Real-space imaging of an orbital Kondo resonance on the Cr(001) surface

The Kondo effect1 is usually connected with the interaction between a localized spin moment and itinerant electrons. This interaction leads to the formation of a narrow resonance at the Fermi level, which is called the Abrikosov–Suhl or Kondo resonance2. Scanning tunnelling microscopy is an ideal technique for real-space investigations of complicated electronic structures3,4 and many-body phenomena, such as the formation of the Kondo resonance5,6,7,8 or d-wave pairing in high-Tc superconductors9. Theory has predicted that similar, Kondo-like many-electron resonances are possible for scattering centres with orbital instead of spin degrees of freedom—the quadruple momenta in uranium-based compounds or two-level systems in metallic glasses are examples of such ‘pseudo-Kondo’ scattering centres10. Here we present evidence for the orbital Kondo resonance on a transition-metal surface.
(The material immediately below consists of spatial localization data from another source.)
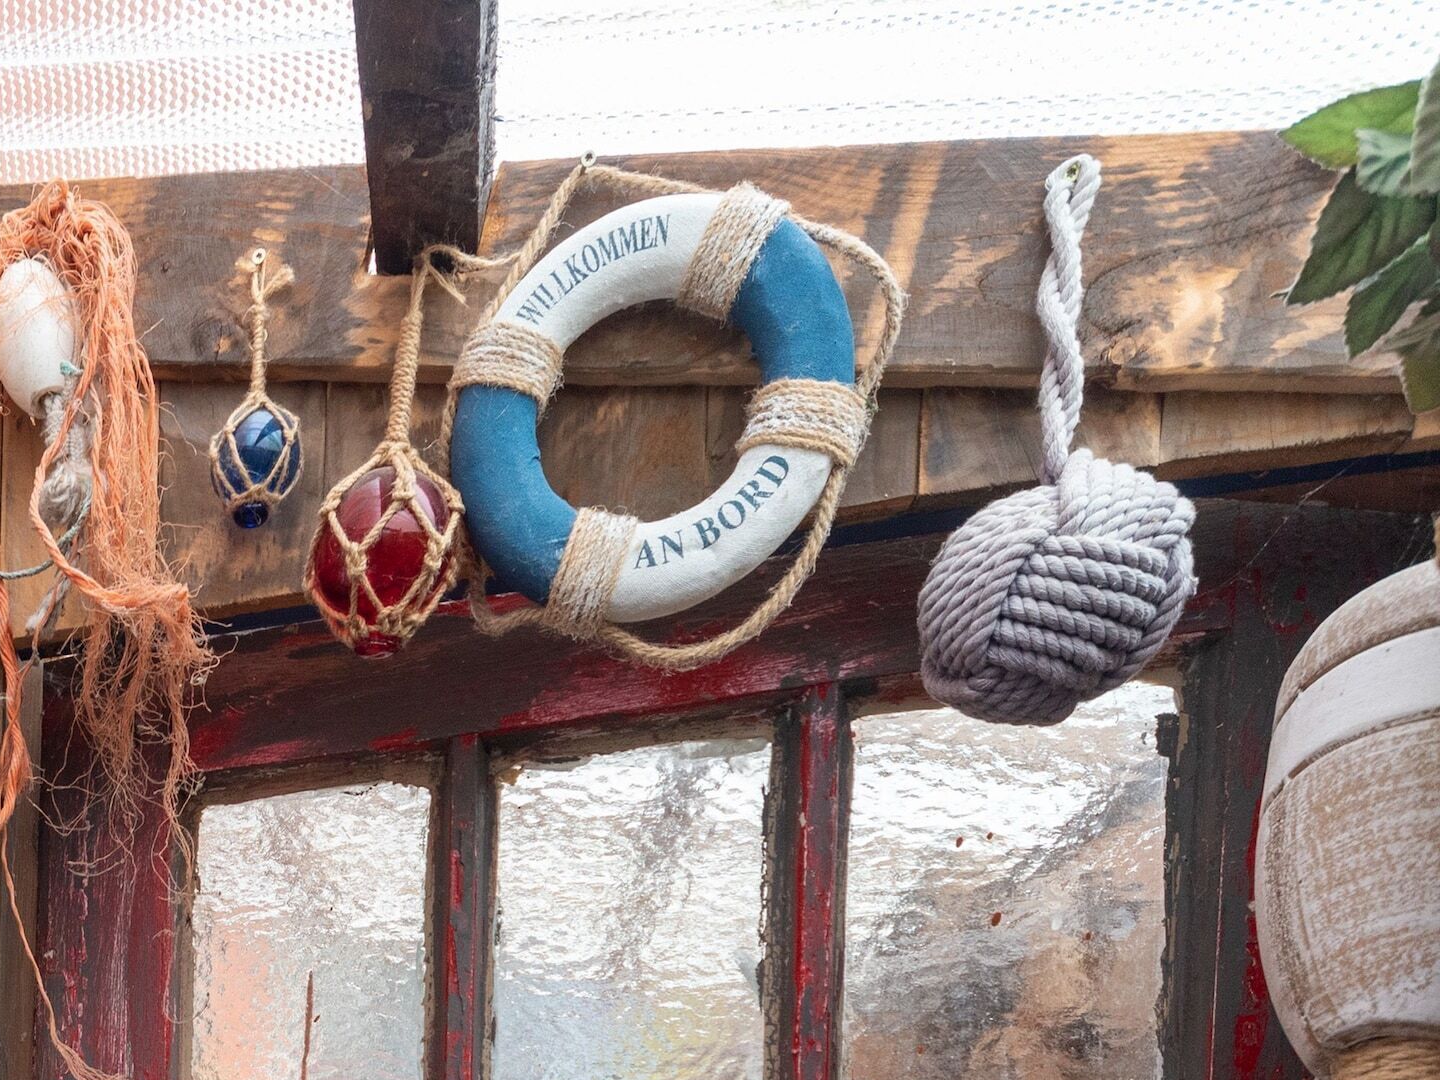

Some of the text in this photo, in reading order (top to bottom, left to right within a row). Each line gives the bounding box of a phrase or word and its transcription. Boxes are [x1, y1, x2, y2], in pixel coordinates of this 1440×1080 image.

[516, 214, 671, 326] WILLKOMMEN
[634, 455, 790, 569] AN BORD
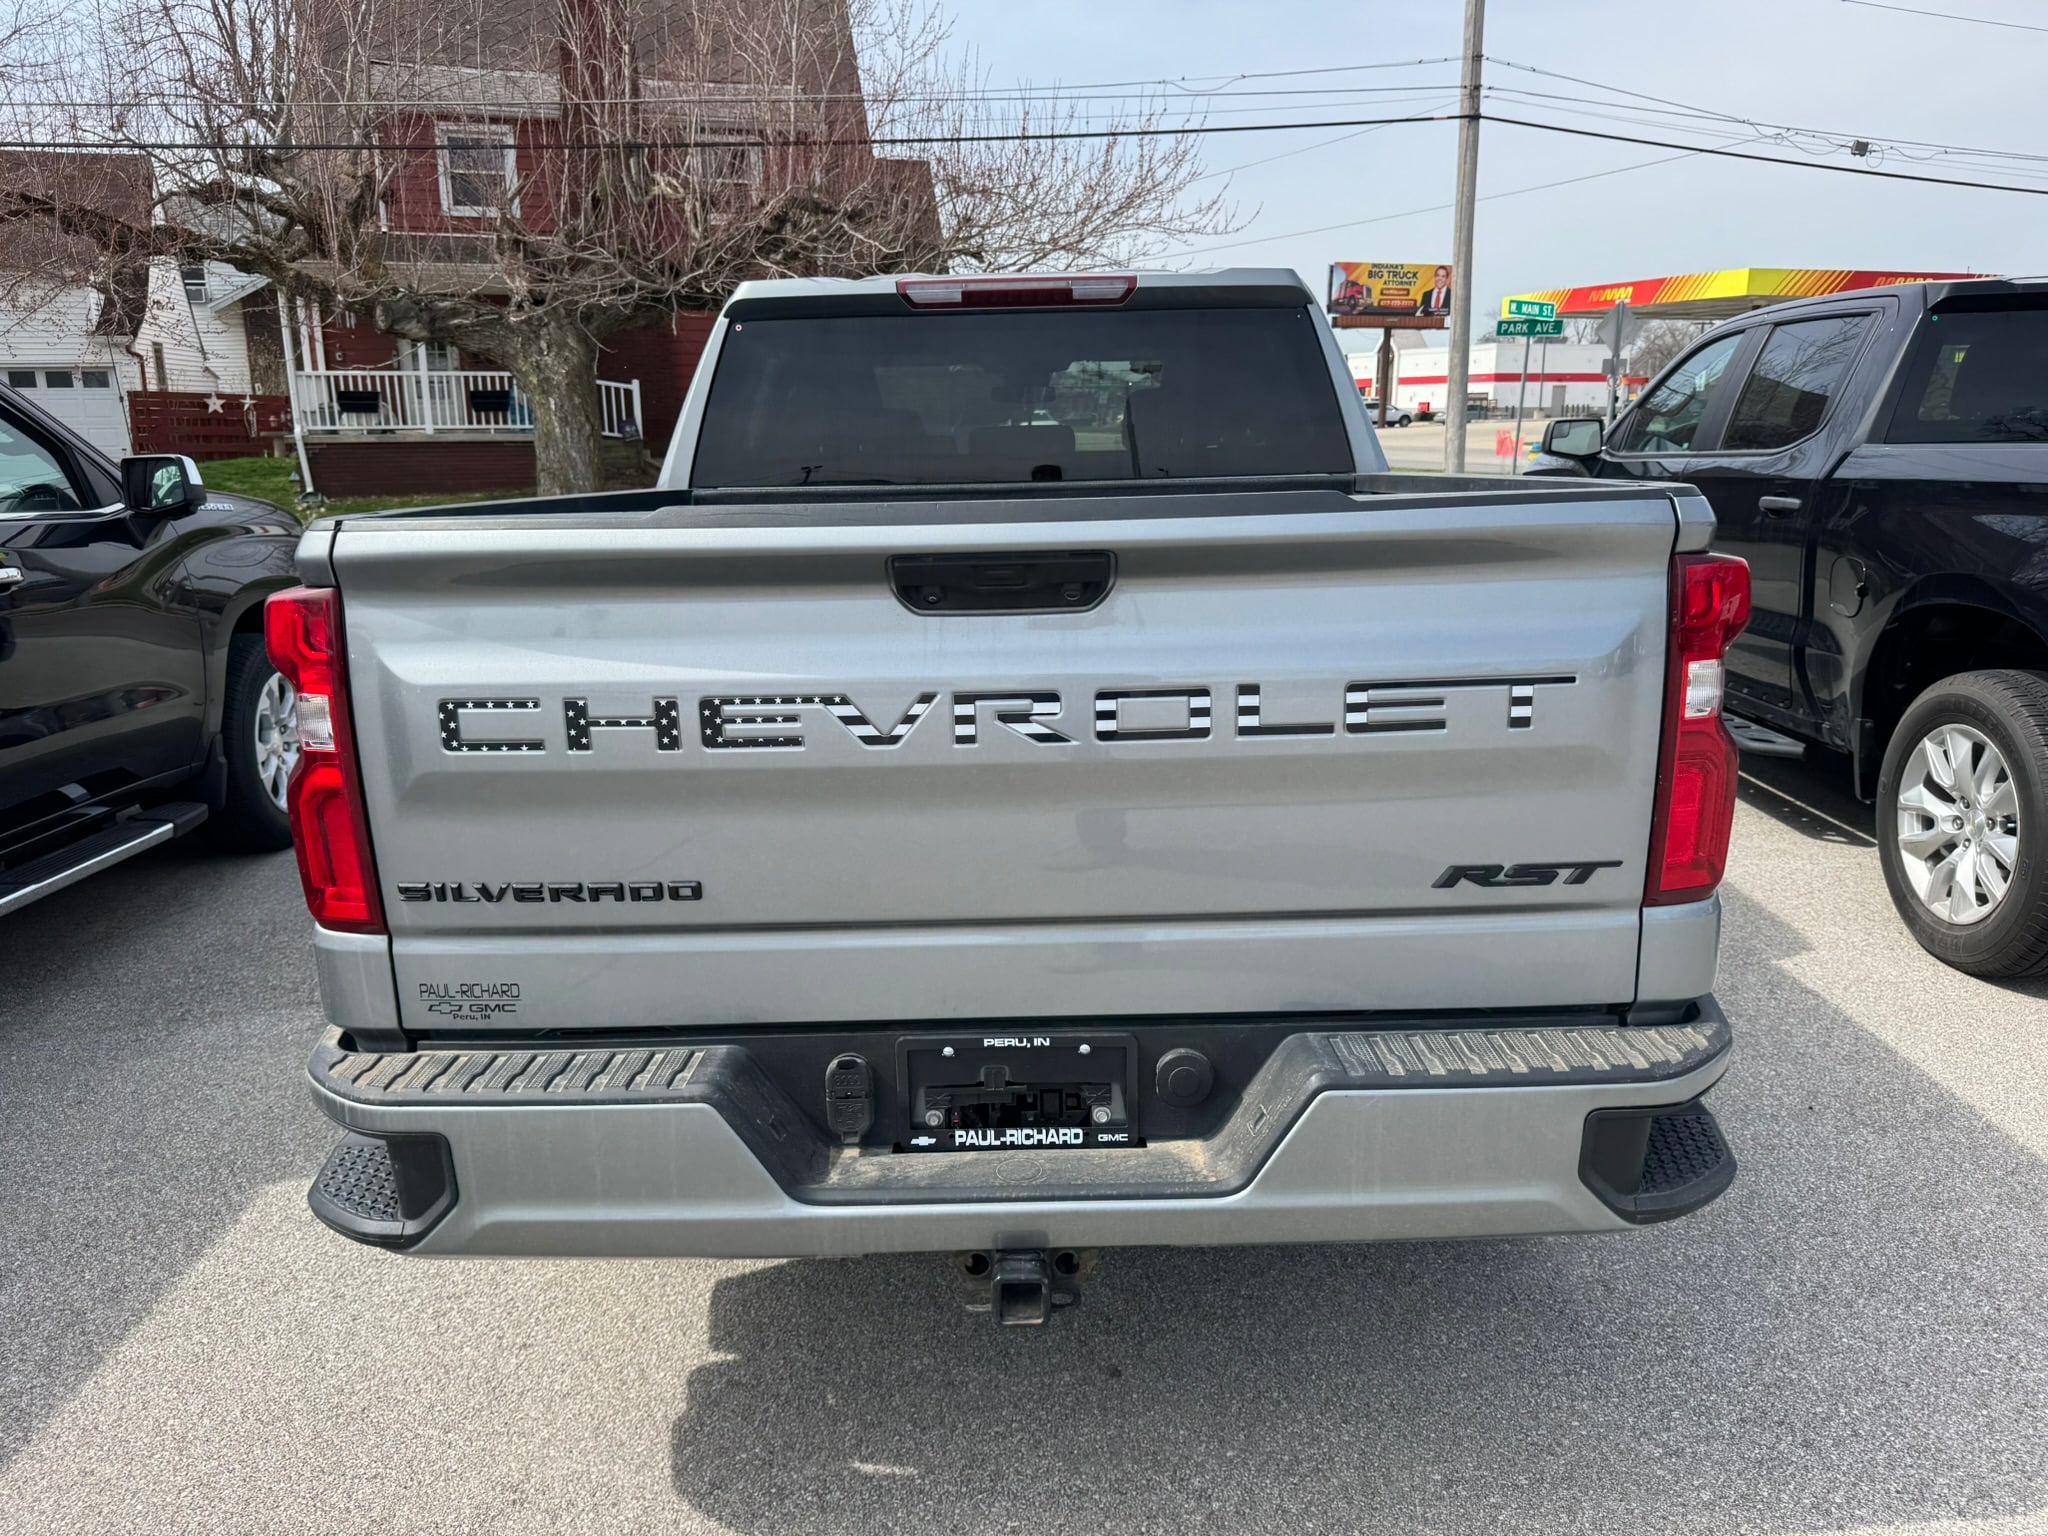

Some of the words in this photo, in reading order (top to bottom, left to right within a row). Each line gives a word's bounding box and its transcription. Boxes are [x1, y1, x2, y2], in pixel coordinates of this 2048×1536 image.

[1367, 270, 1384, 279] BIG
[1386, 270, 1418, 280] TRUCK
[1521, 303, 1539, 315] MAIN
[1501, 323, 1528, 334] PARK
[1535, 322, 1557, 333] AVE.
[440, 675, 1577, 751] CHEVROLET
[1431, 860, 1623, 888] RST
[398, 880, 702, 902] SILVERADO
[419, 983, 520, 998] PAUL-RICHARD
[469, 1003, 517, 1012] GMC
[453, 1013, 478, 1021] Peru,
[983, 1038, 1031, 1048] PERU,
[1034, 1037, 1050, 1046] IN
[955, 1128, 1084, 1146] PAUL-RICHARD
[1098, 1133, 1129, 1141] GMC
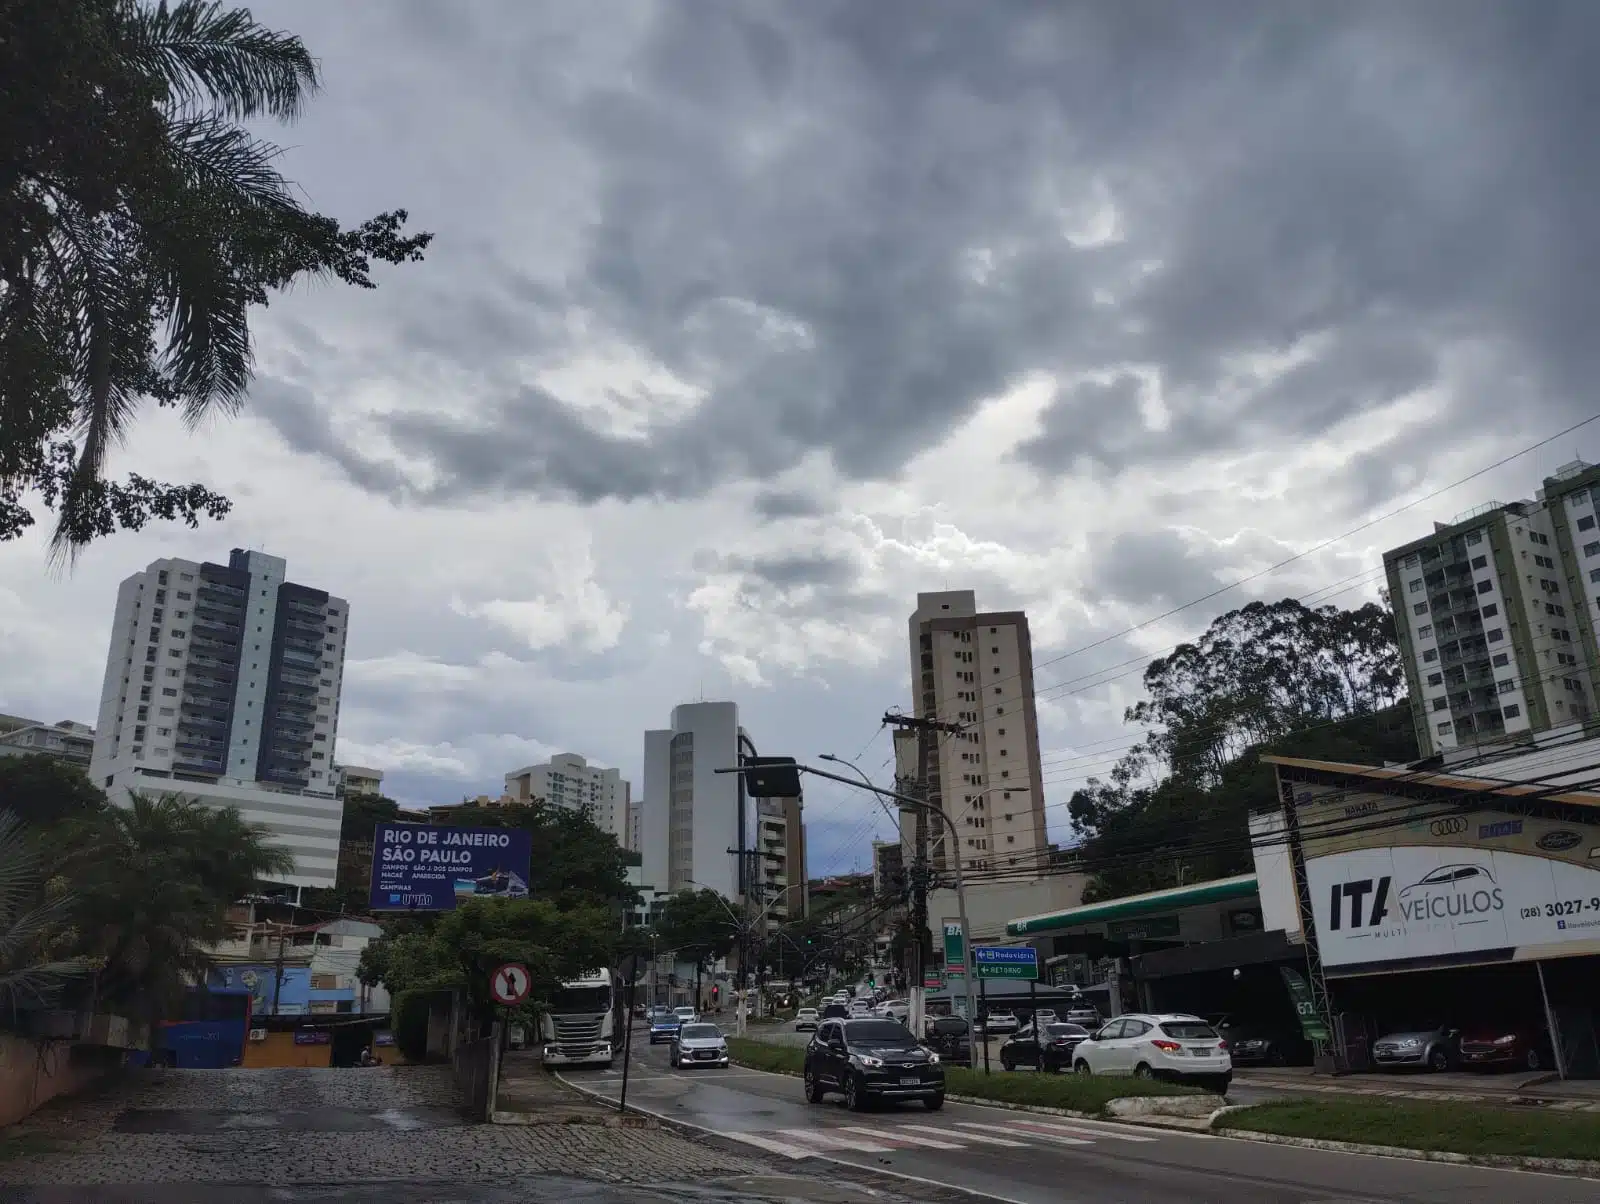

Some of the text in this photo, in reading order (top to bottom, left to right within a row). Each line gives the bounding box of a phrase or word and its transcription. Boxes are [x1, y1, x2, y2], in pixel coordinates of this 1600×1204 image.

[384, 829, 510, 847] RIO DE JANEIRO
[382, 845, 472, 864] SÃO PAULO
[412, 872, 446, 880] APARECIDA
[413, 863, 426, 871] SÃO
[1331, 876, 1392, 931] ITA
[1400, 888, 1504, 923] VEÍCULOS
[1520, 897, 1600, 920] (28) 3027-9
[1016, 920, 1028, 932] BR
[990, 966, 1022, 974] RETORNO
Investigations of an atomically clean Cr(001) surface at low temperature using scanning tunnelling microscopy reveal a very narrow resonance at 26 meV above the Fermi level, and enable us to visualize the orbital character of the corresponding state. The experimental data, together with many-body calculations, demonstrate that the observed resonance is an orbital Kondo resonance formed by two degenerate dxz, dyz surface states.